** Task prompt **
Restate all entries word for word, minus pictures.
Input Start Marker
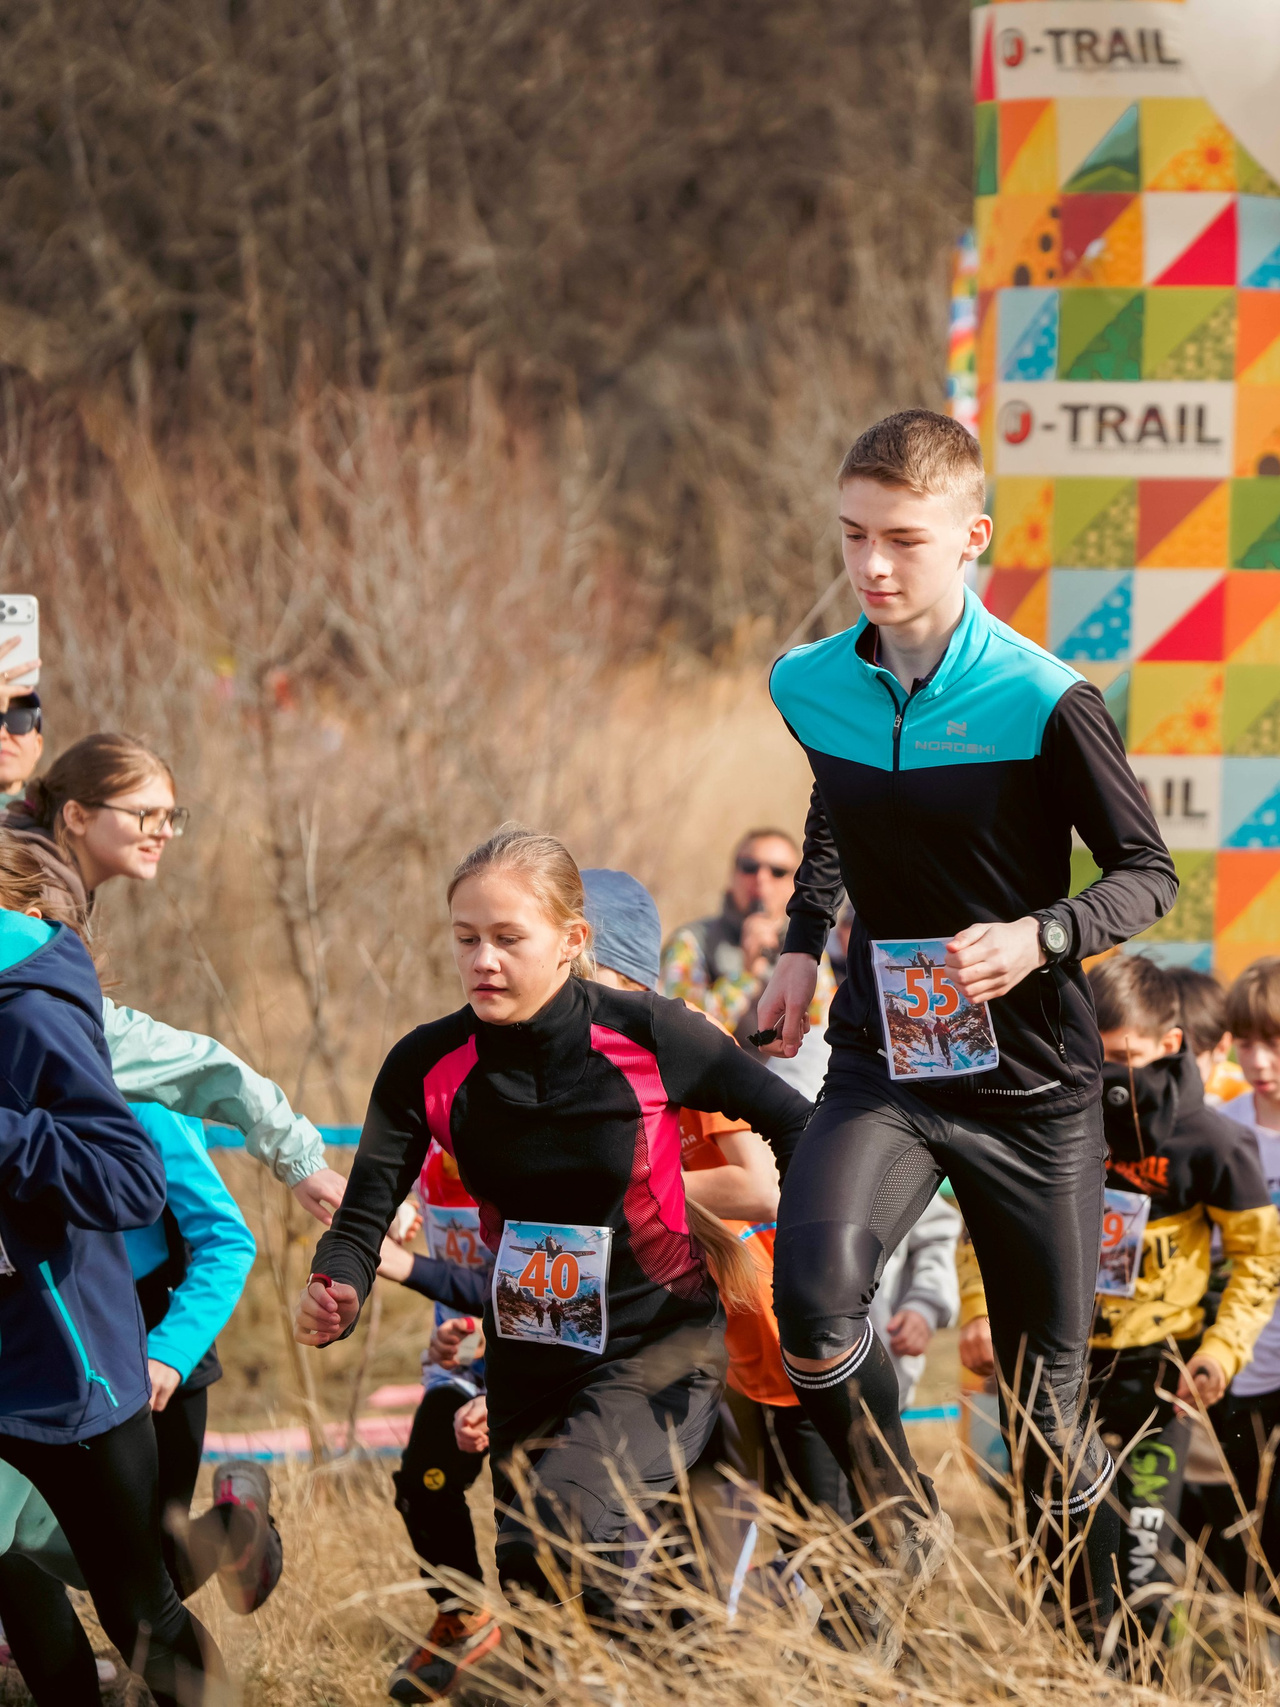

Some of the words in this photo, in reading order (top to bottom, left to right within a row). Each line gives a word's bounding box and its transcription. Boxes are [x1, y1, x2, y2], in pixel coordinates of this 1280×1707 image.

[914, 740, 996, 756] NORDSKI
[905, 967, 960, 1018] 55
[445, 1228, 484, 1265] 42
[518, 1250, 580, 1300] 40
Input End Marker
** Reply **
Some of the words in this photo, in reading order (top to bottom, left to right within a row). Each line gives a word's bounding box and its transcription. Boxes are [x1, y1, x2, y2], in pixel coordinates of this 1280×1707 image.

[914, 740, 996, 756] NORDSKI
[905, 967, 960, 1018] 55
[445, 1228, 484, 1265] 42
[518, 1250, 580, 1300] 40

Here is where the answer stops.